ABOUT THIS EXERCISE:
Word for word, restate the listing that follows and leave out the images.

SUPPLIED DATA:
*** Begin section ***
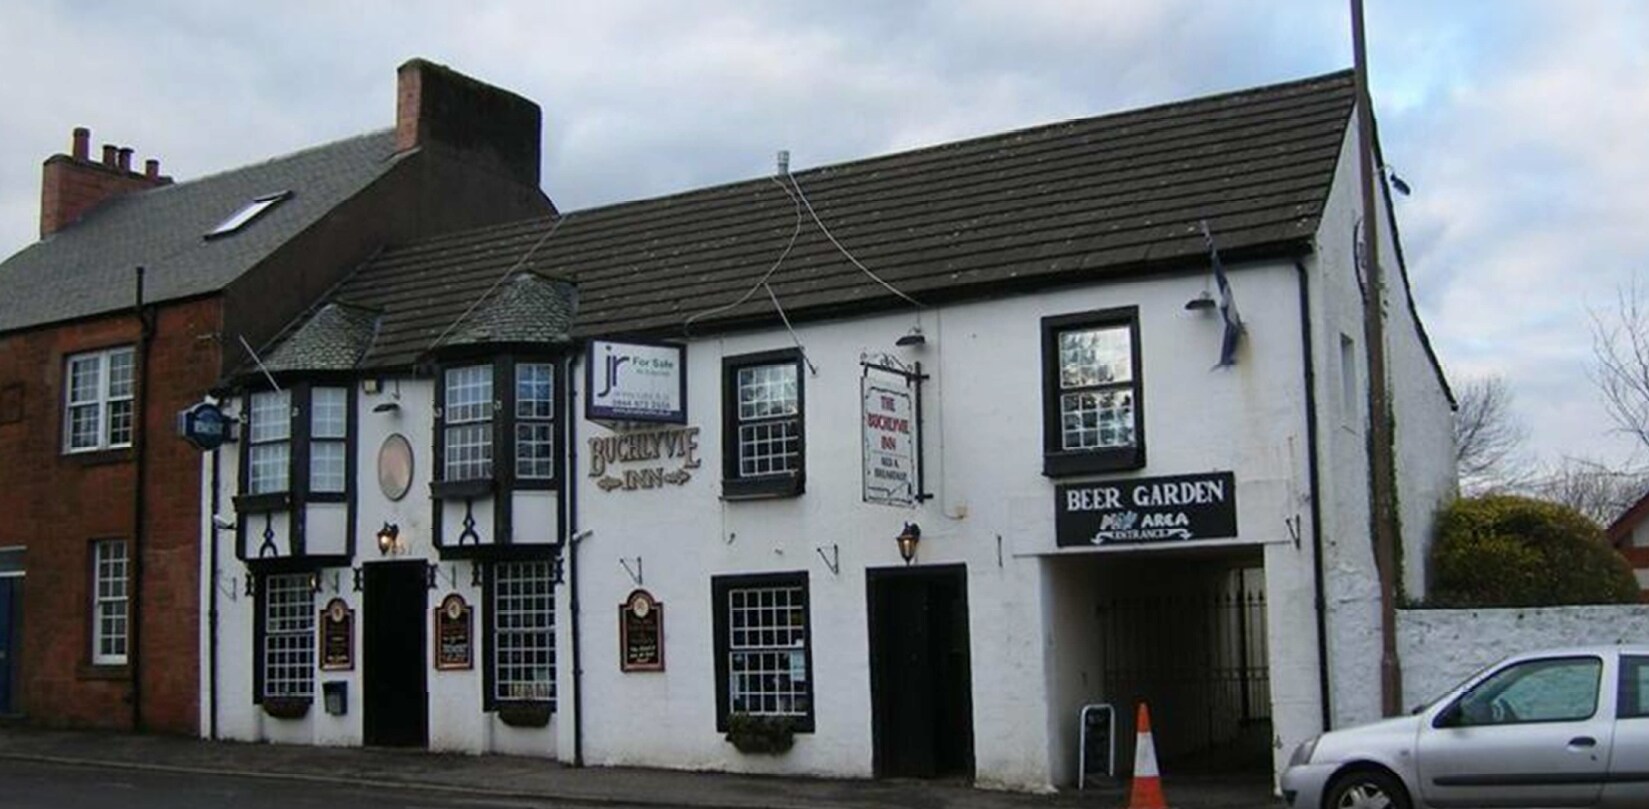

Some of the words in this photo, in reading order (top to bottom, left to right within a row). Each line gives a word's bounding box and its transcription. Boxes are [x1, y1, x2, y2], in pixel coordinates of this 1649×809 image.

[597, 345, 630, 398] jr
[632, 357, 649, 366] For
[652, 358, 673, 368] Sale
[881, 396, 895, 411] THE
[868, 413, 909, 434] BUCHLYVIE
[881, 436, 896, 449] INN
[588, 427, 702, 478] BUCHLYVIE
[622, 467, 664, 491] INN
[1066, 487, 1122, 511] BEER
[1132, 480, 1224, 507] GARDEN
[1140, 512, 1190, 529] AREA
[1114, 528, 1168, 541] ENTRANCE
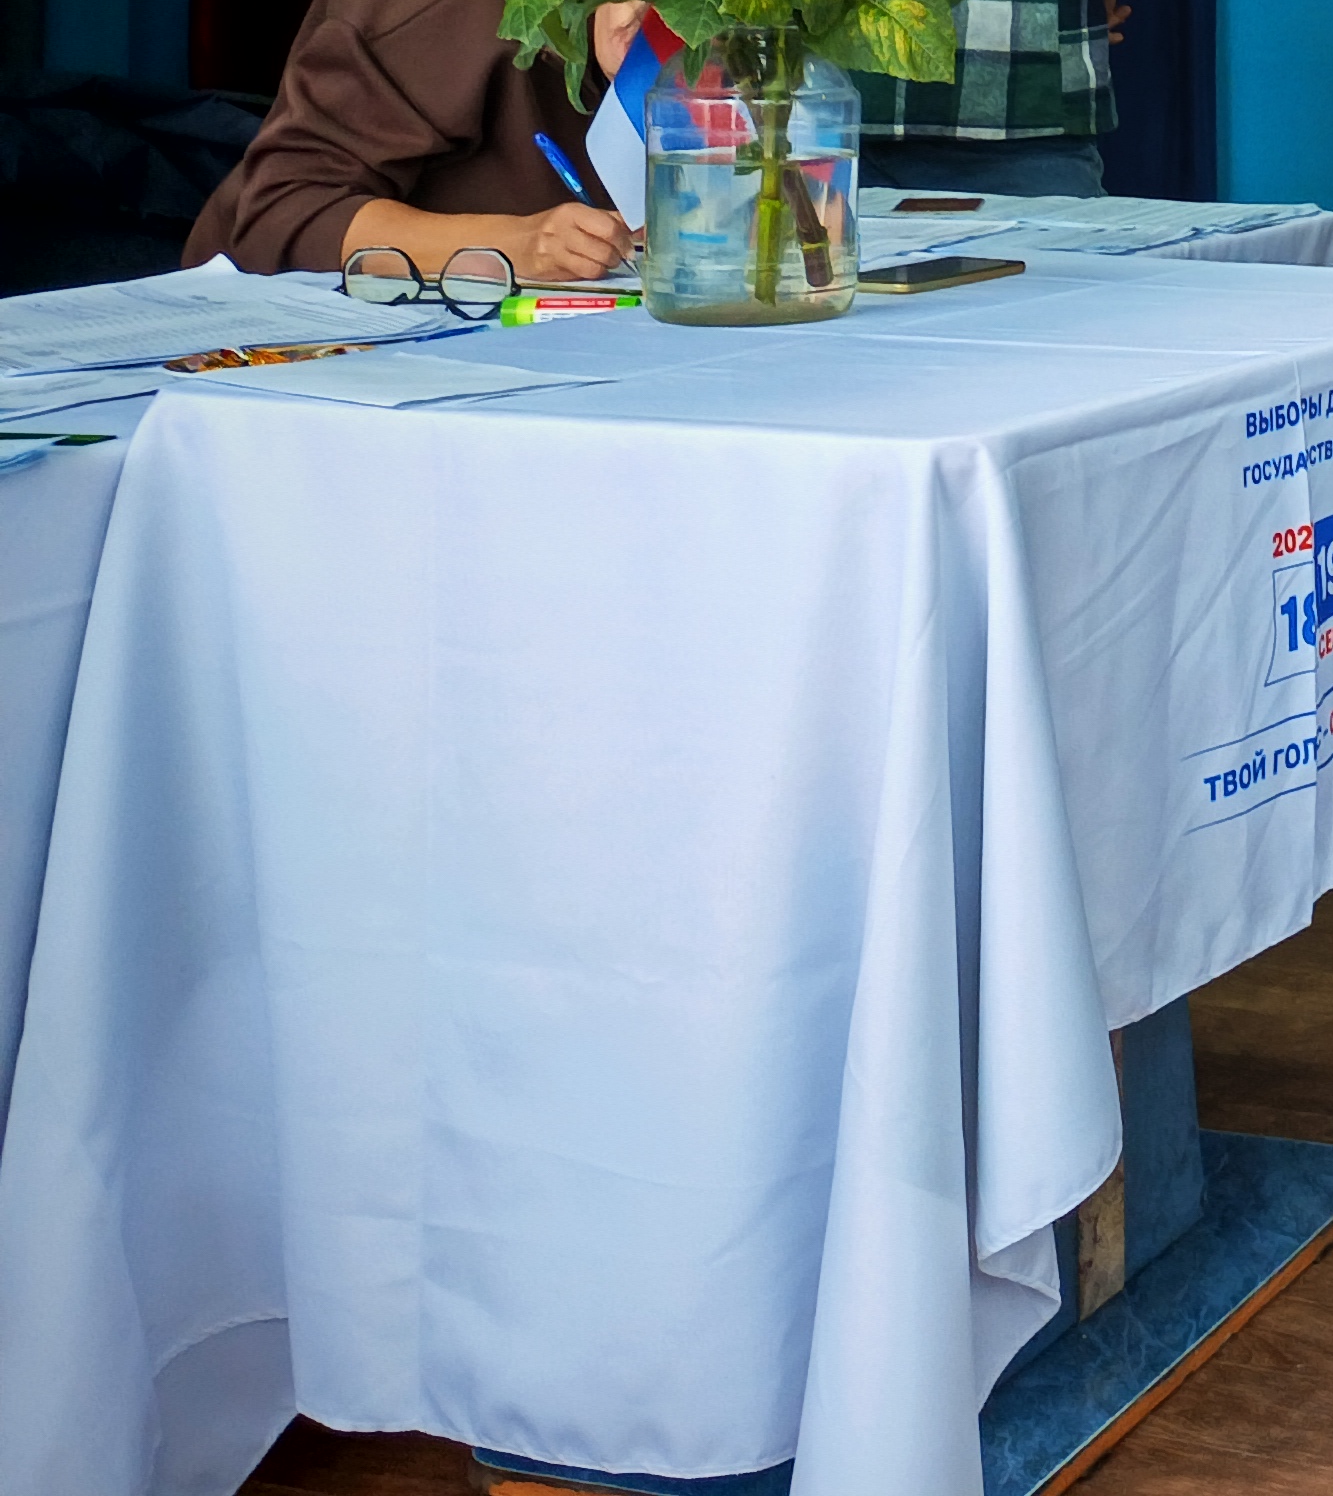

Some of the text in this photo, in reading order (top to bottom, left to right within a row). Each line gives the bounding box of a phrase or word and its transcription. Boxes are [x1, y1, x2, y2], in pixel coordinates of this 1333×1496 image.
*** End section ***
OUTPUT BELOW:
Some of the words in this photo, in reading order (top to bottom, left to right within a row). Each line gives a word's bounding box and its transcription. Boxes are [x1, y1, x2, y2], in pixel coordinates of this 1649×809 image.

[597, 345, 630, 398] jr
[632, 357, 649, 366] For
[652, 358, 673, 368] Sale
[881, 396, 895, 411] THE
[868, 413, 909, 434] BUCHLYVIE
[881, 436, 896, 449] INN
[588, 427, 702, 478] BUCHLYVIE
[622, 467, 664, 491] INN
[1066, 487, 1122, 511] BEER
[1132, 480, 1224, 507] GARDEN
[1140, 512, 1190, 529] AREA
[1114, 528, 1168, 541] ENTRANCE

Some of the text in this photo, in reading order (top to bottom, left to right within a row). Each line gives the bounding box of a phrase or word and its transcription. Boxes are [x1, y1, x2, y2], in pixel coordinates of this 1333×1496 image.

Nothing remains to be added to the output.